Extracted data entries:
((

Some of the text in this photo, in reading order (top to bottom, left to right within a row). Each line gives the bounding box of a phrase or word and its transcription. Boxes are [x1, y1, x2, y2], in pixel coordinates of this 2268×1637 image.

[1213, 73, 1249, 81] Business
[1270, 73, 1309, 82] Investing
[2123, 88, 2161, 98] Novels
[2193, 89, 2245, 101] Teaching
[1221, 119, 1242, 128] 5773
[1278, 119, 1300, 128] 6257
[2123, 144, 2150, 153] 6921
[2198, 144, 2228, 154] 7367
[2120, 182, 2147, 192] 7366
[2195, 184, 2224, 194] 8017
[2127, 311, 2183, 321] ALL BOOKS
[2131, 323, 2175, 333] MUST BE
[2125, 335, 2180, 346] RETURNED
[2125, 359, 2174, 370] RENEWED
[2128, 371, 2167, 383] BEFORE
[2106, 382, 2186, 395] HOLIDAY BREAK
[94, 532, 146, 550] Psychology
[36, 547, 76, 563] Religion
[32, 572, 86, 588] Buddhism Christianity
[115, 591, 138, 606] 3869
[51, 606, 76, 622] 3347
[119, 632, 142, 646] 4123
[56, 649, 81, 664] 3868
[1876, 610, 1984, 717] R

))

* **Aim of the exercise**
Retype all of the records above without a single alteration.

* **Response box**
Some of the text in this photo, in reading order (top to bottom, left to right within a row). Each line gives the bounding box of a phrase or word and its transcription. Boxes are [x1, y1, x2, y2], in pixel coordinates of this 2268×1637 image.

[1213, 73, 1249, 81] Business
[1270, 73, 1309, 82] Investing
[2123, 88, 2161, 98] Novels
[2193, 89, 2245, 101] Teaching
[1221, 119, 1242, 128] 5773
[1278, 119, 1300, 128] 6257
[2123, 144, 2150, 153] 6921
[2198, 144, 2228, 154] 7367
[2120, 182, 2147, 192] 7366
[2195, 184, 2224, 194] 8017
[2127, 311, 2183, 321] ALL BOOKS
[2131, 323, 2175, 333] MUST BE
[2125, 335, 2180, 346] RETURNED
[2125, 359, 2174, 370] RENEWED
[2128, 371, 2167, 383] BEFORE
[2106, 382, 2186, 395] HOLIDAY BREAK
[94, 532, 146, 550] Psychology
[36, 547, 76, 563] Religion
[32, 572, 86, 588] Buddhism Christianity
[115, 591, 138, 606] 3869
[51, 606, 76, 622] 3347
[119, 632, 142, 646] 4123
[56, 649, 81, 664] 3868
[1876, 610, 1984, 717] R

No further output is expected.